_Exercise brief_.
The records that follow are to be repeated exactly, without any pictures.

[Given records Boundary: Start]

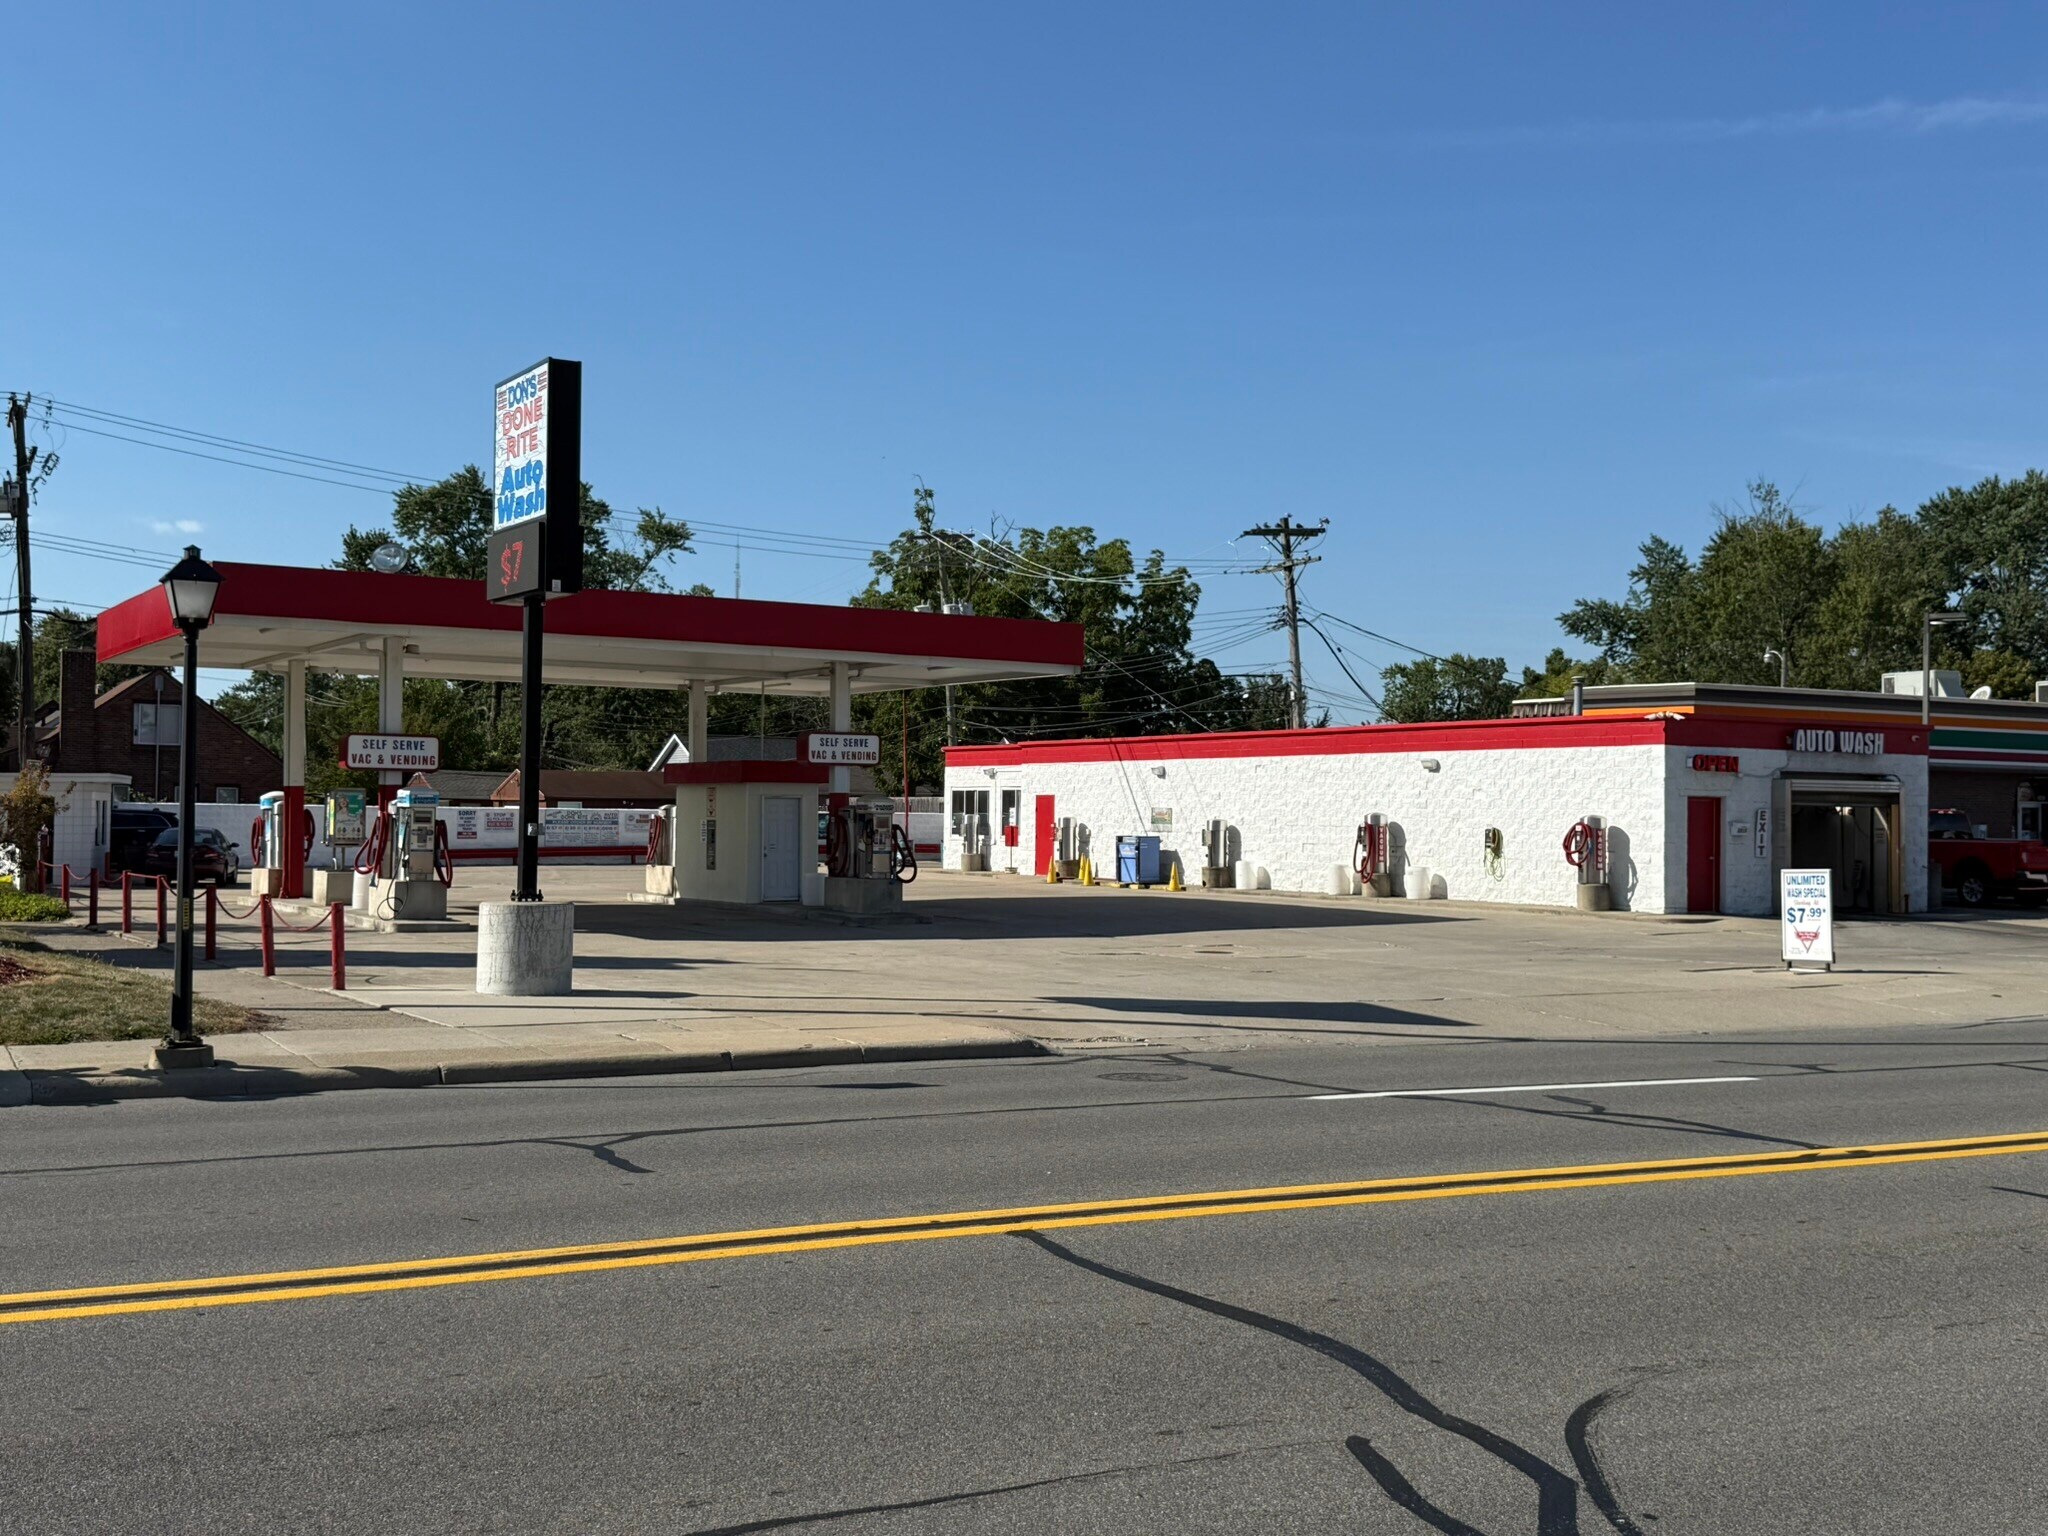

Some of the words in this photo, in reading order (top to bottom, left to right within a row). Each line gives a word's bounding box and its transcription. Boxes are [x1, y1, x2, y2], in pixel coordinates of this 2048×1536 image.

[507, 375, 537, 408] DON'S
[502, 396, 543, 436] DONE
[507, 426, 538, 460] RITE
[500, 459, 544, 496] Auto
[497, 483, 545, 524] Wash
[501, 540, 524, 594] $7
[363, 739, 387, 750] SELF
[393, 740, 425, 751] SERVE
[819, 738, 839, 747] SELF
[843, 738, 869, 748] SERVE
[1796, 729, 1834, 752] AUTO
[1840, 731, 1884, 754] WASH
[351, 754, 372, 764] VAC
[377, 754, 385, 765] &
[390, 754, 436, 766] VENDING
[811, 750, 827, 760] VAC
[831, 750, 837, 760] &
[841, 751, 877, 761] VENDING
[1693, 755, 1739, 773] OPEN
[1759, 810, 1767, 856] EXIT
[1786, 875, 1825, 885] UNLIMITED
[1787, 888, 1802, 898] WASH
[1803, 888, 1826, 898] SPECIAL

[Given records Boundary: End]

_Exercise response_.
Some of the words in this photo, in reading order (top to bottom, left to right within a row). Each line gives a word's bounding box and its transcription. Boxes are [x1, y1, x2, y2], in pixel coordinates of this 2048×1536 image.

[507, 375, 537, 408] DON'S
[502, 396, 543, 436] DONE
[507, 426, 538, 460] RITE
[500, 459, 544, 496] Auto
[497, 483, 545, 524] Wash
[501, 540, 524, 594] $7
[363, 739, 387, 750] SELF
[393, 740, 425, 751] SERVE
[819, 738, 839, 747] SELF
[843, 738, 869, 748] SERVE
[1796, 729, 1834, 752] AUTO
[1840, 731, 1884, 754] WASH
[351, 754, 372, 764] VAC
[377, 754, 385, 765] &
[390, 754, 436, 766] VENDING
[811, 750, 827, 760] VAC
[831, 750, 837, 760] &
[841, 751, 877, 761] VENDING
[1693, 755, 1739, 773] OPEN
[1759, 810, 1767, 856] EXIT
[1786, 875, 1825, 885] UNLIMITED
[1787, 888, 1802, 898] WASH
[1803, 888, 1826, 898] SPECIAL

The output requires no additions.